“Don’t Look Up” Hilariously Skewers Climate Change Deniers, Politicians
A star studded cast and an abundance of humor are some of the main attractions to new feature film “Don’t Look Up,” however, why the movie is so important may be a little darker.
“Don’t Look Up,” released in December of 2021, has been nominated for four Oscars, including Best Picture, Best Original Score, Best Original Screenplay and Best Film Editing. The movie features two scientists who discover an asteroid coming straight towards Earth, and their journey to inform the world about it. Although done through humor, the underlying deeper message is much darker, exposing the dangers of major cooperations and leaders with little experience along with the dangers of global warming. “Don’t Look Up” addresses the wake-up call we cannot ignore, and then shows how funny — and scary — it is when everyone ignores it.
The cast includes Hollywood superstars such as Jennifer Lawrence, Leonardo DiCaprio, Meryl Streep, Timothee Chalamet, Jonah Hill, and even singers such as Ariana Grande and Kid Cudi.
“There’s an alchemy to the cast of ‘Don’t Look Up’ that feels fresher and stranger than it might have been in less-skilled hands,” DiCaprio, who plays scientist Randall Mindy, who discovers the deadly asteroid, said in a January Vanity Fair article.
“Don’t Look Up” uses this impressive and hilarious cast to get across the point that the world is far too distracted with things that don’t matter to realize the problems that exist in our world.
Throughout the movie the two scientists struggle to make leaders, and the public, take the impending doom their world is facing due to the asteroid seriously. The asteroid is ignored by the government and scientists, and even gets turned into a political weapon.

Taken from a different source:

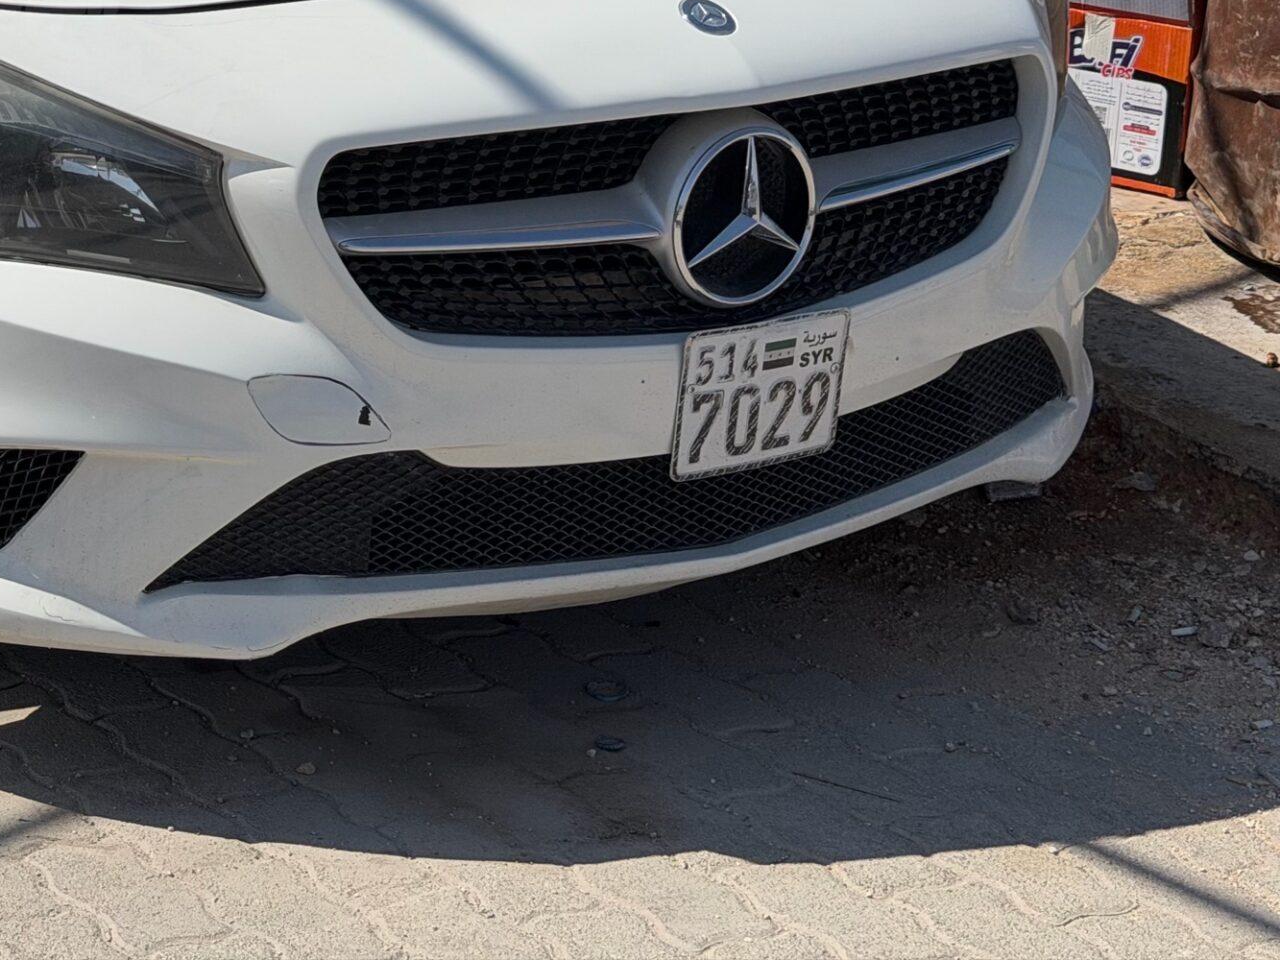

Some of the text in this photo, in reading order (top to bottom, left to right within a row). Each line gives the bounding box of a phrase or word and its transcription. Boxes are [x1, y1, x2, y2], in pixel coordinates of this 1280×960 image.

Different political parties coin the term “don’t look up” in order to politicize the asteroid. Aided by humor, it appears ridiculous. How could something so obvious be so overlooked, or even mocked? However it is hard to ignore the countless possibilities that the asteroid could represent. The one that immediately came into my mind, was climate change.

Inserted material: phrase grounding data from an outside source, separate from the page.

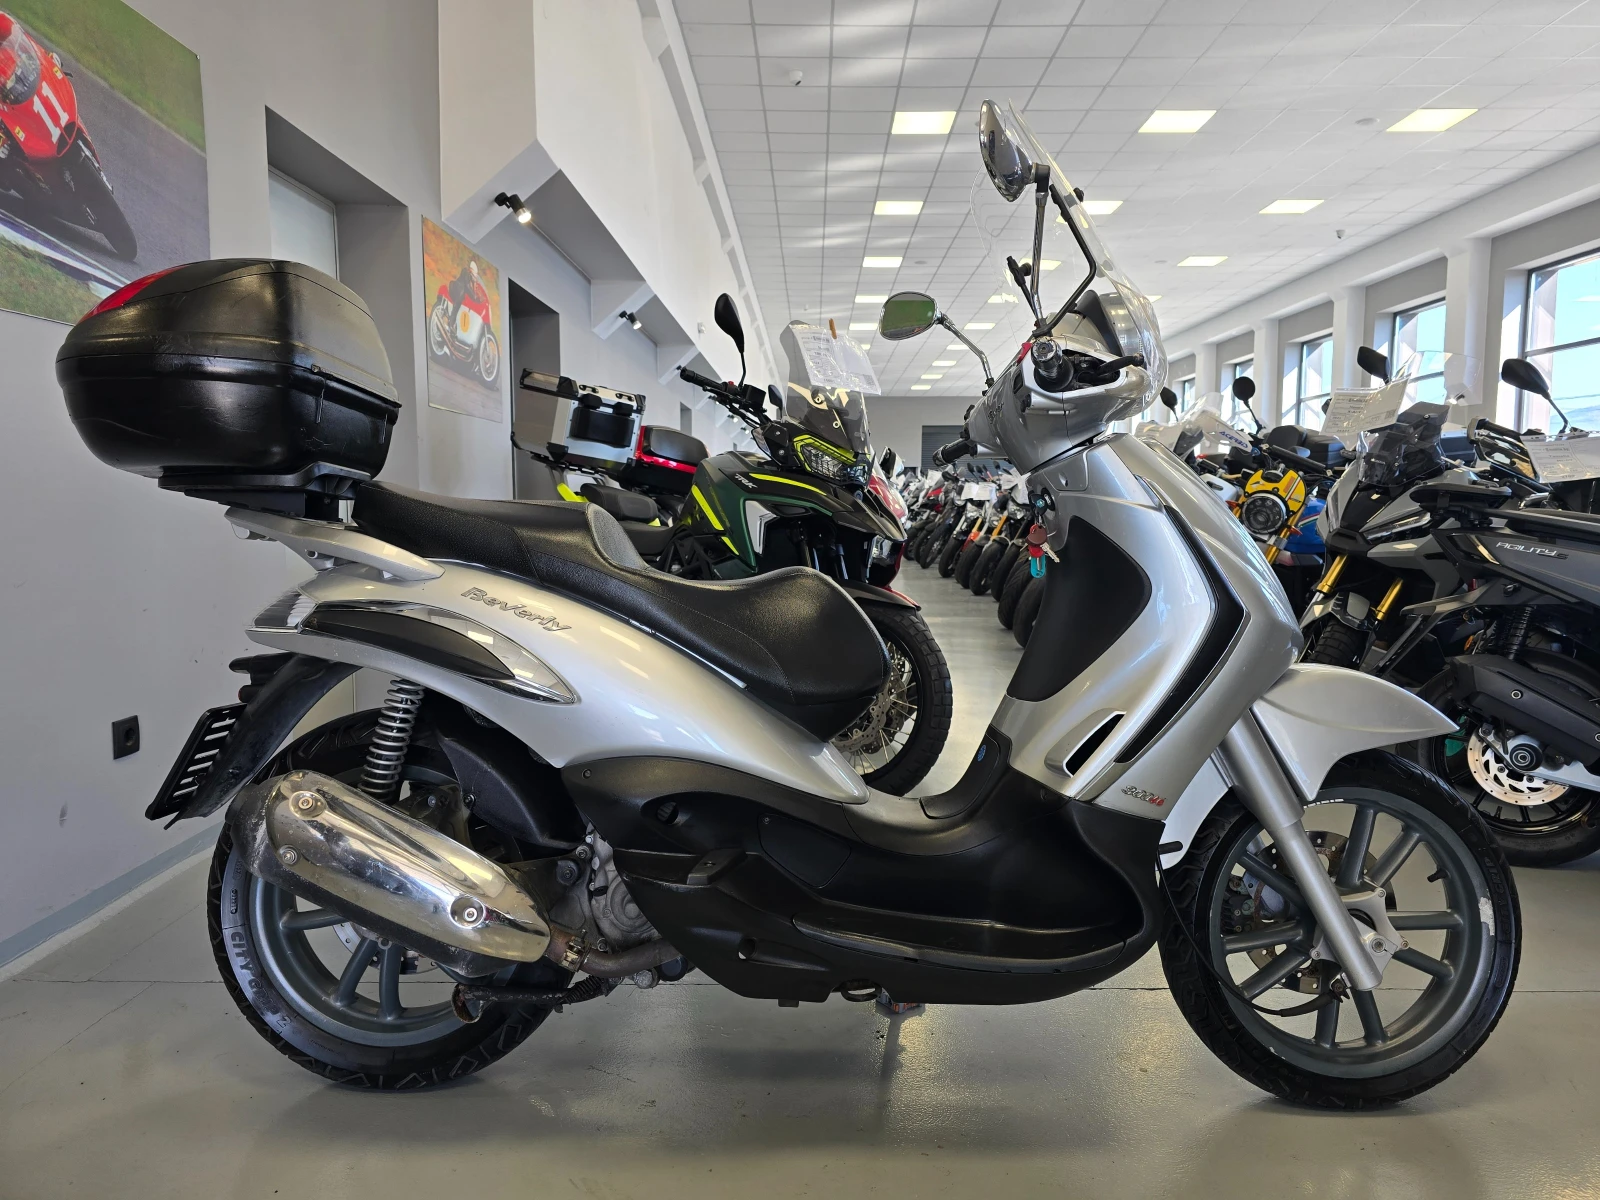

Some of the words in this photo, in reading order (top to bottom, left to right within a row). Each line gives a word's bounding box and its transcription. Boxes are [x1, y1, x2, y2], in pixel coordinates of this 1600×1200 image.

[33, 81, 69, 144] 11
[734, 473, 758, 488] TRK
[1496, 541, 1557, 557] AGILITY
[231, 931, 254, 973] CITY
[276, 1015, 292, 1030] 2

Like the asteroid climate change is here but often understated, ignored, or downright denied by those in charge. It is hard to see the potentially deadly effects of something that doesn’t directly affect you, as the movie makes clear.
According to Time, former President Trump, dubbed climate change a “hoax” invented by China, “incorrectly suggested that wind turbines cause cancer, and dismissed a landmark scientific report produced by the federal government’s own scientists.” His actions in preventing climate change were all too similar to those of the president in the movie, played by Streep: ignore it.
Other viewers may have seen the asteroid as a commentary on the ongoing Covid pandemic. Wendy Staples, an art teacher and fan of the movie, thinks the movie “is a direct commentary on political views and Covid. I think the whole idea of the comet is Covid. If we don’t think about it or look at it then it doesn’t exist. But, if we start testing and we acknowledge it then it becomes real, and people have fear, and they want to avoid that fear so they ignore the problem all together.”
Staples feels the movie is so successful because it could be a satire of our Covid response, or be about other typically liberal-learning issues like sustainability and environmental protection.
“There are a lot of bad things going on behind the scenes that people just ignore,” she said. “I think the movie really shows how detrimental this can be.